Another PXC offering is managed DDoS mitigation, for which the firm is drawing on its earlier investments in building out the same NetScout-based platform that defends its own network. The automated service is backed by global threat intelligence, with the ability to identify attacks before they hit. It also benefits from the support of the PXC security operations centre in ongoing attack mitigation, meaning customers save on downtime, lost revenue and, ultimately, a damaged brand.
Meanwhile, within the 1Portal, PXC is introducing more security services and enhancing automation.
User-facing
But apart from the security services themselves, a further consideration today is how they are structured and made available to end users.
In line with the fast-transitioning market, PXC therefore plans to launch an end-user-facing version of the 1Portal that it offers to resellers in the first half of next year.
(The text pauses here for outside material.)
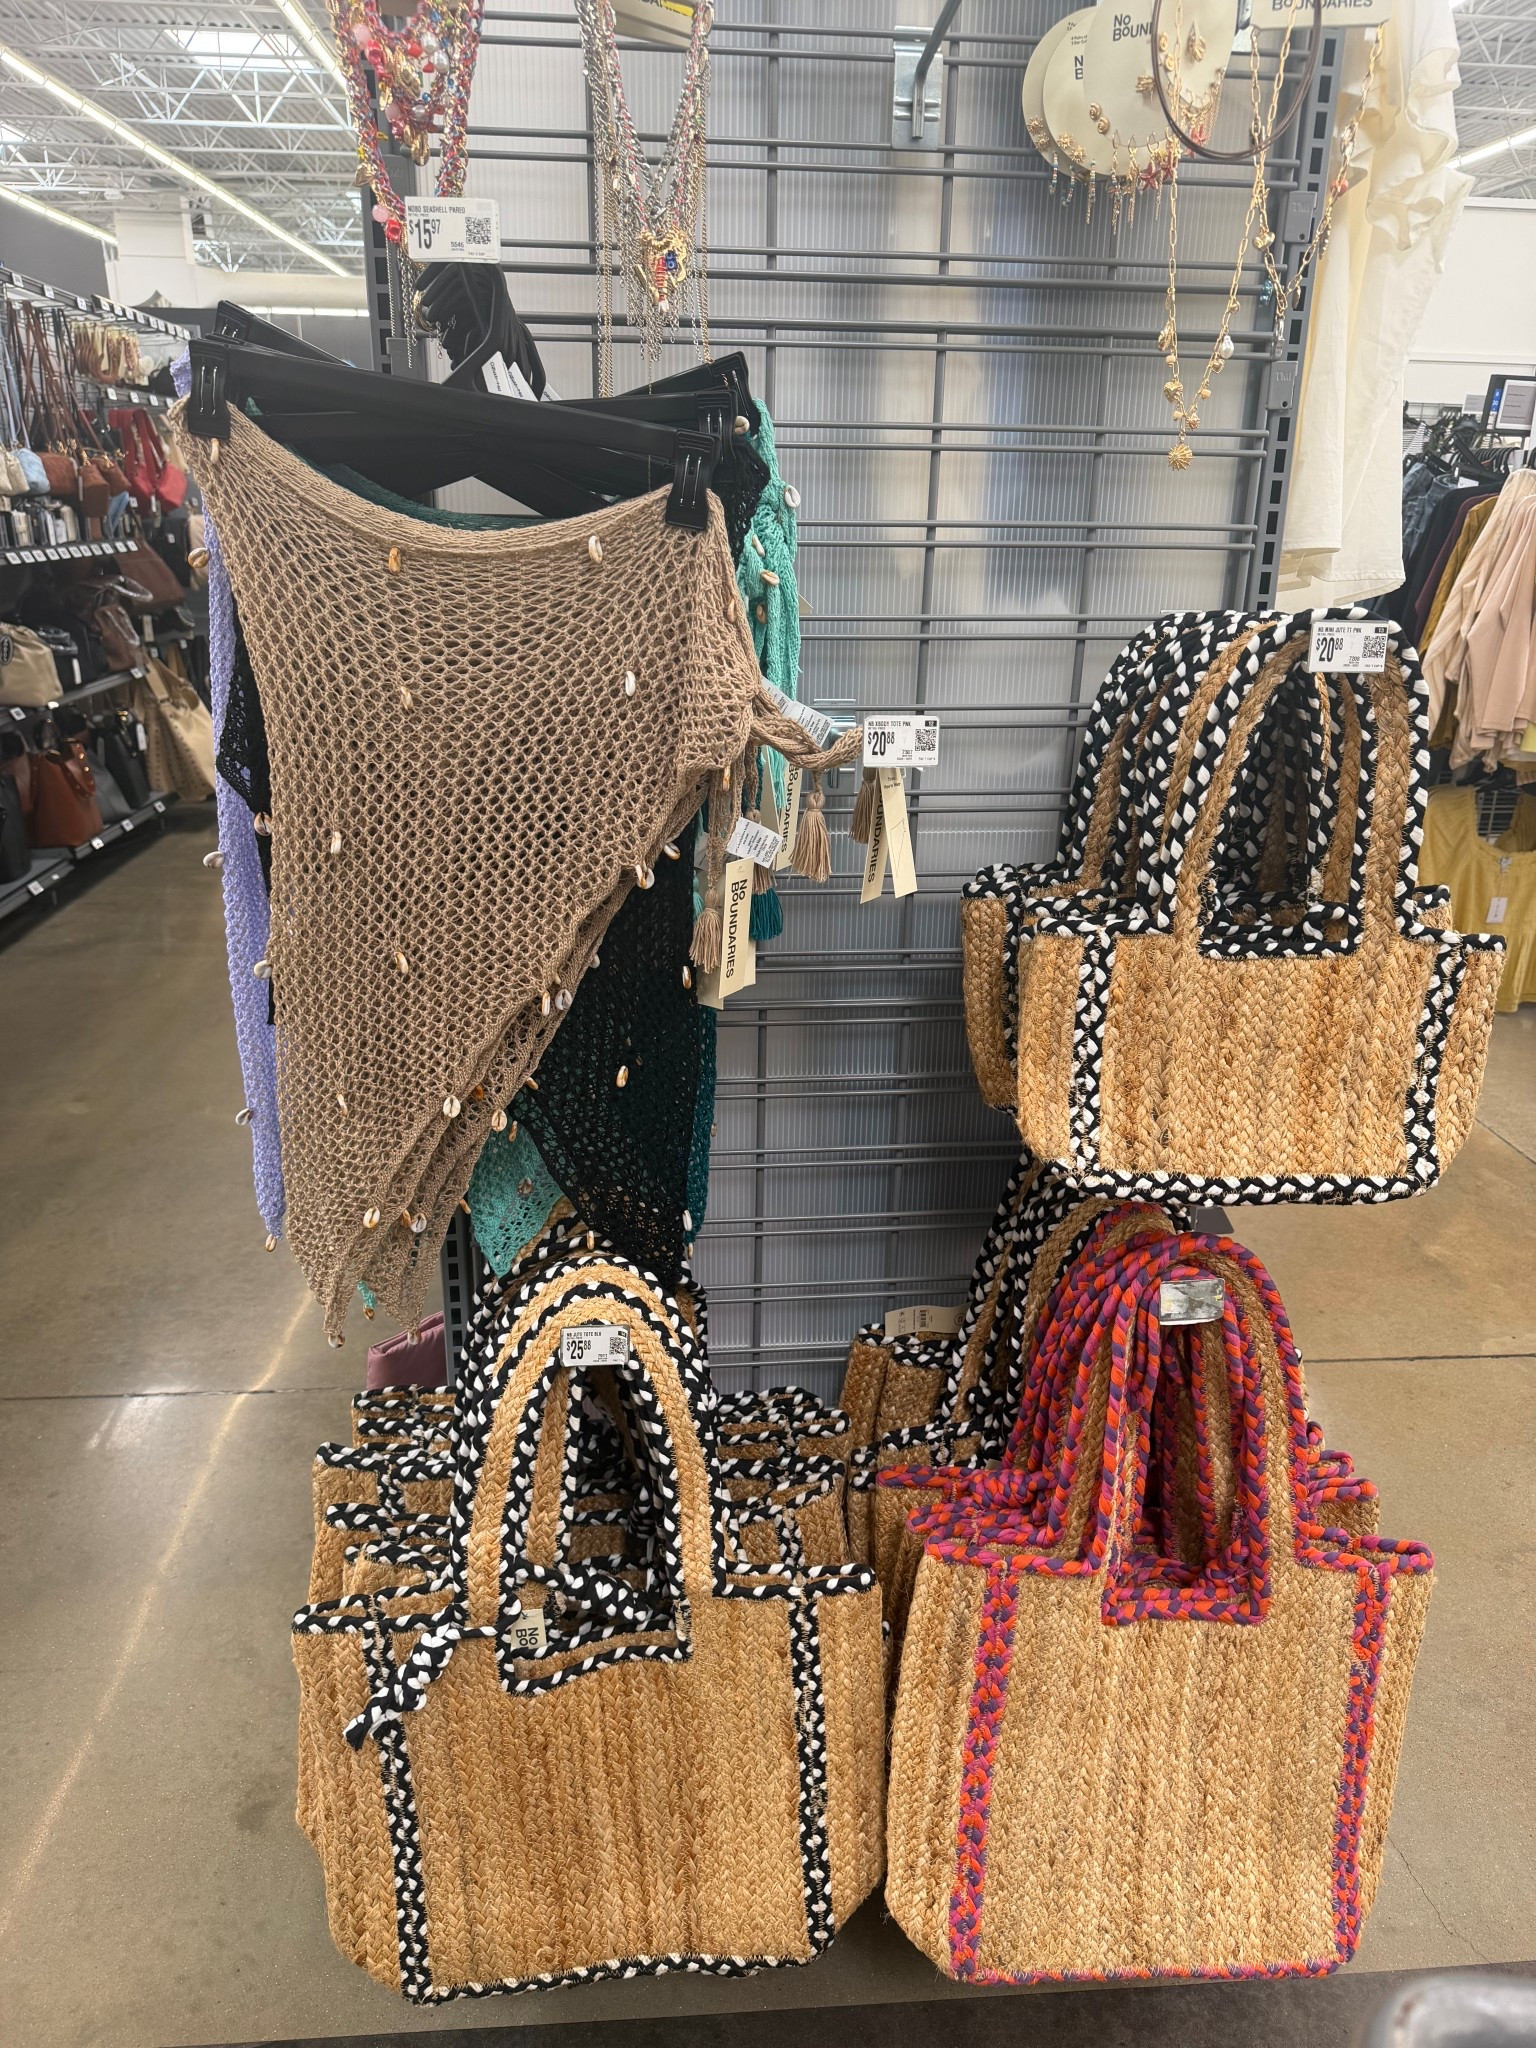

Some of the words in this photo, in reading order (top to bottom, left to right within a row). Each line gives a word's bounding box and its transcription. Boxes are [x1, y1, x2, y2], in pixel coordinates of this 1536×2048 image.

Napier explains that when an end user currently wants to make configuration changes to network products such as PXC’s software-defined Ethernet or add services, they need to go through the reseller first. That means it can take time for those requests to be implemented rather than being able to make changes immediately.
“We have SDN functionality built into our network that provides resellers with the tools to make changes, upgrade bandwidth and so on without having to talk to us because it’s all automated,” says Napier. “The idea is, wouldn’t it be great if we had an end-user-facing portal that the reseller could allow access to so their customers can have access to the same SDN tools as them?”
Such an offering will give end users more control over their services. It will also improve visibility, as the direct connection with such users will provide more insight into how they use the portal and their needs. Napier explains that partners will have the choice of how visible they make the platform by integrating it directly into their own portals or connecting to it via APIs.
The right balance
Another challenge with wholesale security services is striking a balance between keeping them simple enough for a broad spread of users while allowing enough flexibility to provide added value and avoid presenting a one-size-fits-all proposition.
Napier says things are moving towards the “portalisation” of security in one-stop platforms, with orchestration and visibility high up the list of user needs. “It’s important to be a bit more fluent in the options we present during the security journey,” he says.
“It’s about making these services easy to consume for the person on the street,” adds Walker. He says it’s important to give partners the ability to come to players like PXC for the underlying security infrastructure, but also enough control to deliver their own value proposition.
“We need to be able to provide in-depth guidance on how to take these services to market and manage them on behalf of customers.”